It is always a drag getting involved in a motor vehicle accident. Literally. An automobile, with all the built in protections to keep you safe and cozy from all the noise, smoke, and life threatening injuries. For Example the B-Pillar, which is the part of the automobile frame which your seat belt is usually attached to. This part of the car is a life saver from T-bone accidents and collision. See image. Now substitute the automobile with all its fine tuned standard protections against bodily injury and death with a pretty 2 wheeler. A motorcycle, yes that thing that buzzes next to you on the 10, 405, and my favorite the 2 freeway. The machine we have all wanted to ride or learn how to ride, but more one reason or many opted to save more than a pretty penny. With a motorcyclist, whom we are all afraid of injuring or potentially even worse.

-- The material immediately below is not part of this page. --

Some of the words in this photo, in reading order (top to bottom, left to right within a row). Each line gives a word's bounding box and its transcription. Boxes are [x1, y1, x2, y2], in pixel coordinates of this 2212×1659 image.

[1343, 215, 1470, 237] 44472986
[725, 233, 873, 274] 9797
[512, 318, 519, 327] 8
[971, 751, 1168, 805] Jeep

I can honestly say that after years in the practice of representing motorcycle accident victims with massive traumatic and life changing injuries, I have more or less developed a sort of PTSD. Every time I hear the purring of the motorcycle’s engine in the back of my ear, I automatically remember 2 things. Do not even think about placing or answering a hands-free phone call of course and put down that country music. Post-Traumatic Stress you say? I say, my civil duty for the safety of my fellow man. Exactly. I feel as if I worry about these souls more than they. Whizzing, squeezing, cutting, splitting, and my favorite, all while stylishly popping a wheelie standing on the seat with one leg no hands or helmet, providing job security for the Highway Patrol. Oh, yes, slightly, the undiagnosed kind.

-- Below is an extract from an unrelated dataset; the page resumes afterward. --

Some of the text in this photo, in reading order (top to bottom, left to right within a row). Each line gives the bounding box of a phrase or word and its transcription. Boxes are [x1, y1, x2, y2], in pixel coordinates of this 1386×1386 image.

In Los Angeles, California, out of the approximate 4 million population about 2,000 Motorcycle death or injury occurred in just in 2014 alone. California Office of Highway Safety. Yes, we are talking about the City of Los Angeles, not the County of Los Angeles, which houses an approximate 10 million residence (2014). U.S. Census Bureau. American Community Survey, 2011 American Community Survey 5-Year Estimates, Table B02001. American FactFinder. Retrieved October 26, 2013.
Stay safe my friends. You have all given us so much business in the past and we have fearlessly advocated for your causes and brought in the big settlement bucks. However, as I hear our attorneys time and time again pragmatically and unsuccessfully advise–“Maybe you keep off that thing for a while.”